Instructions for the task: Reproduce the listing word for word, leaving every picture behind.

Provided data:
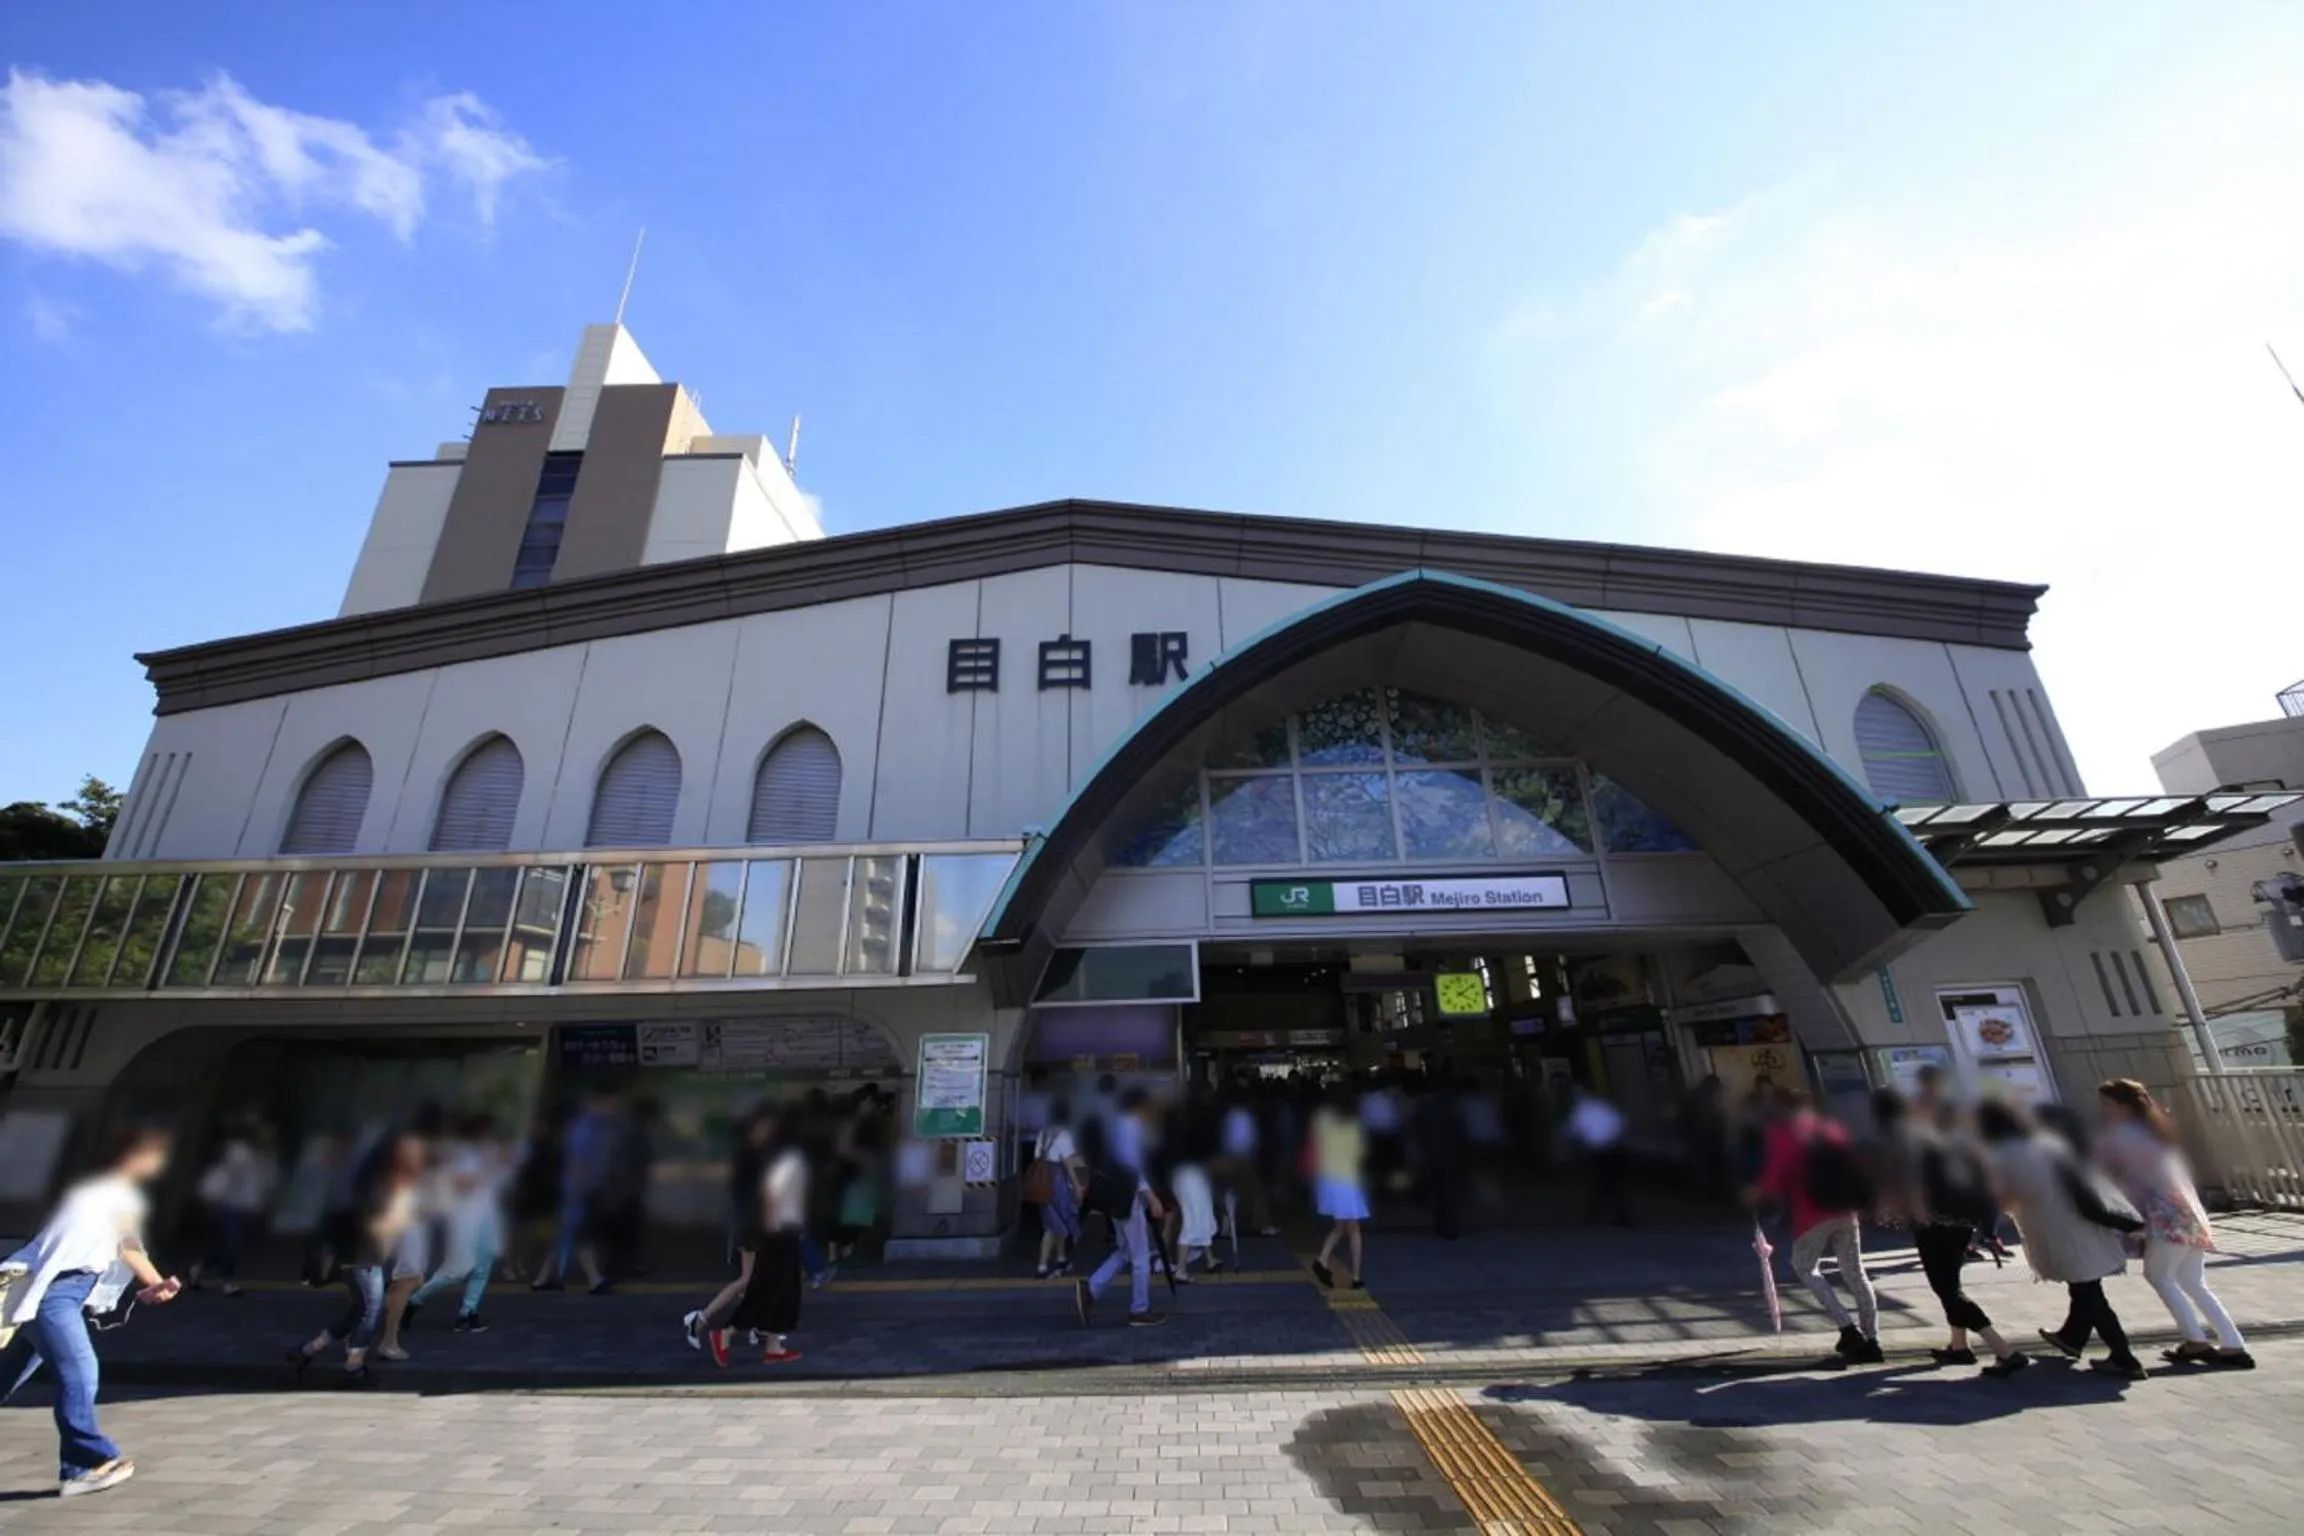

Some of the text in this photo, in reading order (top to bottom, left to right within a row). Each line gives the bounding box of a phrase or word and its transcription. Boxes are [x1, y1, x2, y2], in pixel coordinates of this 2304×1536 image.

[947, 632, 1189, 694] 目白駅
[1279, 887, 1310, 903] JR
[1357, 885, 1544, 908] 目白駅 Mejiro Station
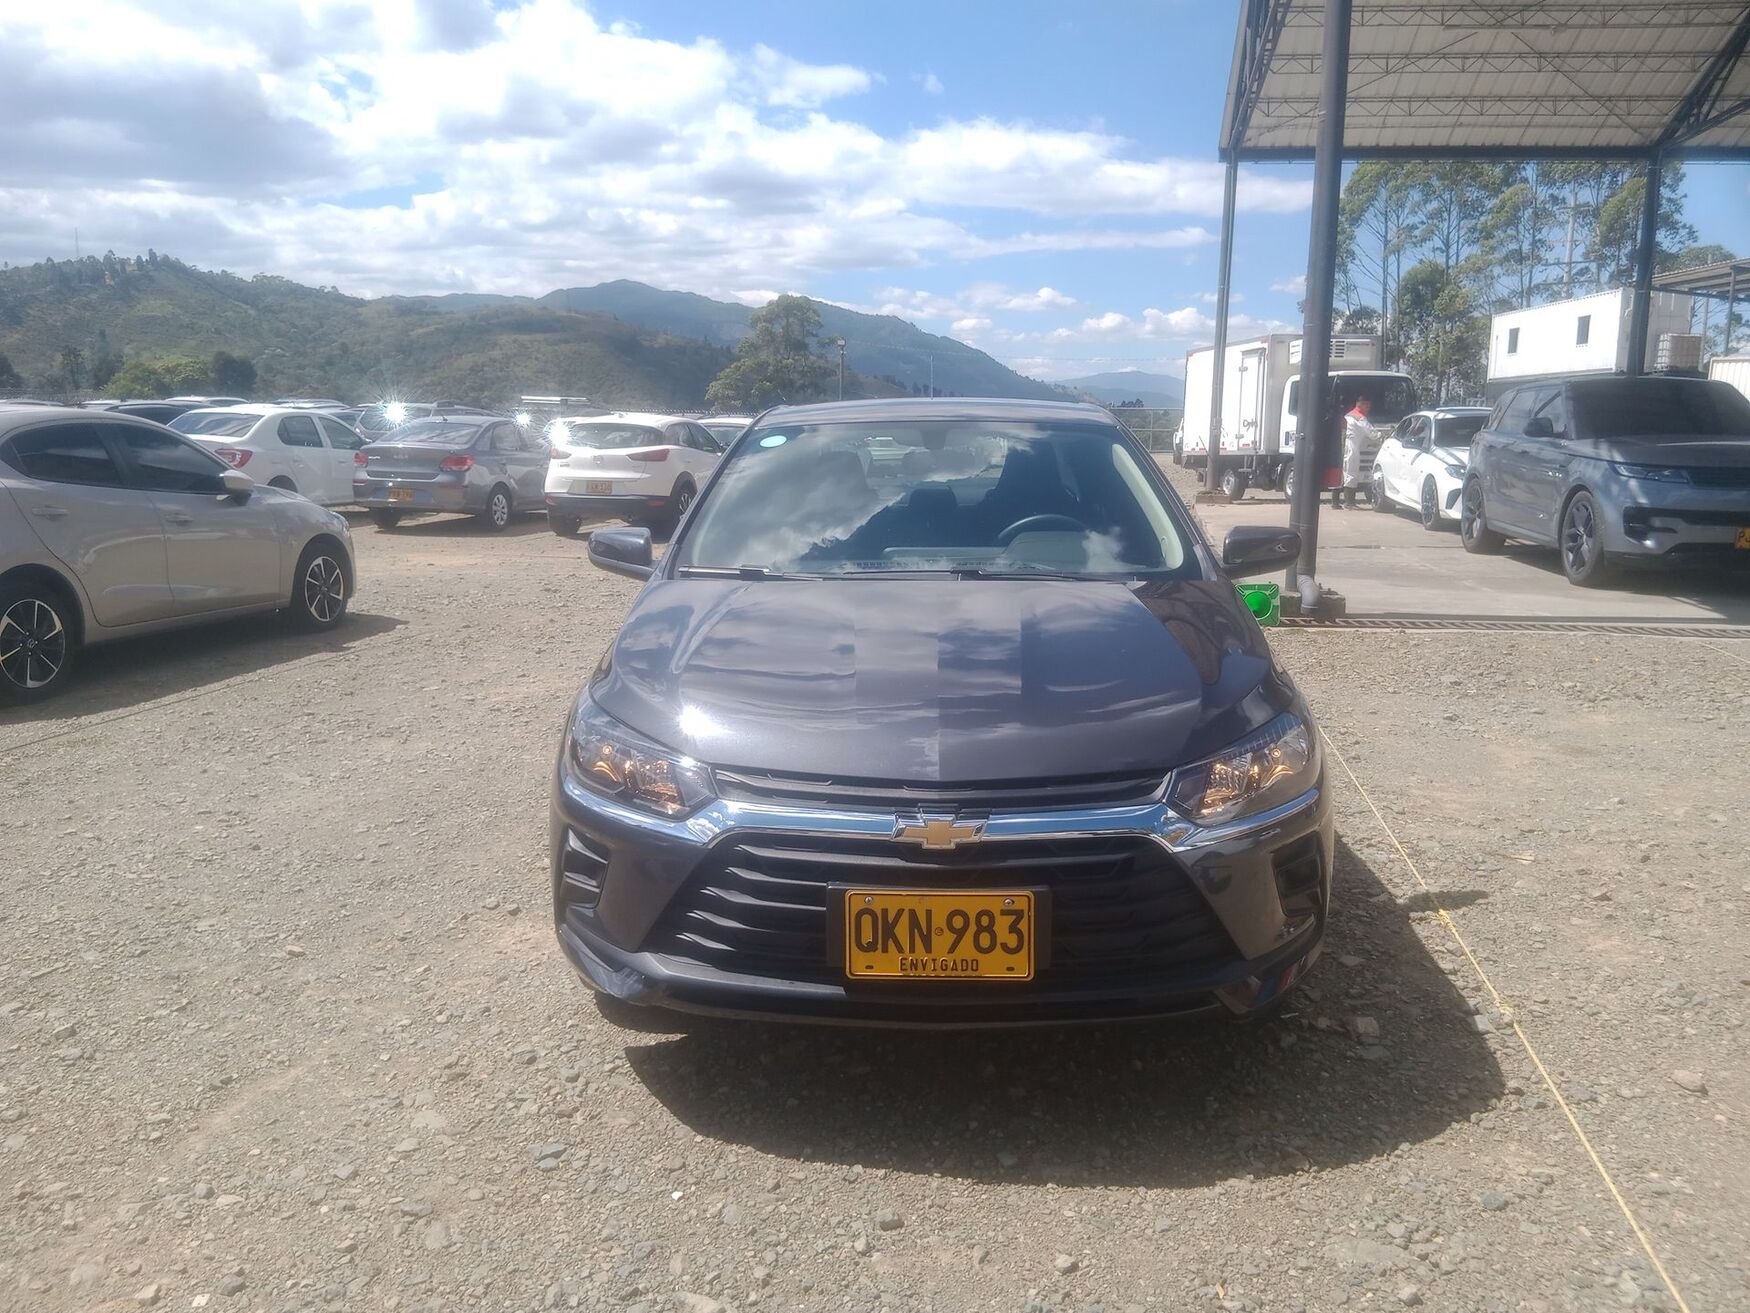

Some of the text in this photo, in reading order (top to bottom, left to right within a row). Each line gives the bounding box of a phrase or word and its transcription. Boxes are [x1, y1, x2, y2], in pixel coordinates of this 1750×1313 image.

[854, 908, 1025, 954] QKN 983
[899, 957, 978, 972] ENVIGADO

Result for this exercise:
Some of the text in this photo, in reading order (top to bottom, left to right within a row). Each line gives the bounding box of a phrase or word and its transcription. Boxes are [x1, y1, x2, y2], in pixel coordinates of this 2304×1536 image.

[947, 632, 1189, 694] 目白駅
[1279, 887, 1310, 903] JR
[1357, 885, 1544, 908] 目白駅 Mejiro Station

Some of the text in this photo, in reading order (top to bottom, left to right within a row). Each line gives the bounding box of a phrase or word and its transcription. Boxes are [x1, y1, x2, y2], in pixel coordinates of this 1750×1313 image.

[854, 908, 1025, 954] QKN 983
[899, 957, 978, 972] ENVIGADO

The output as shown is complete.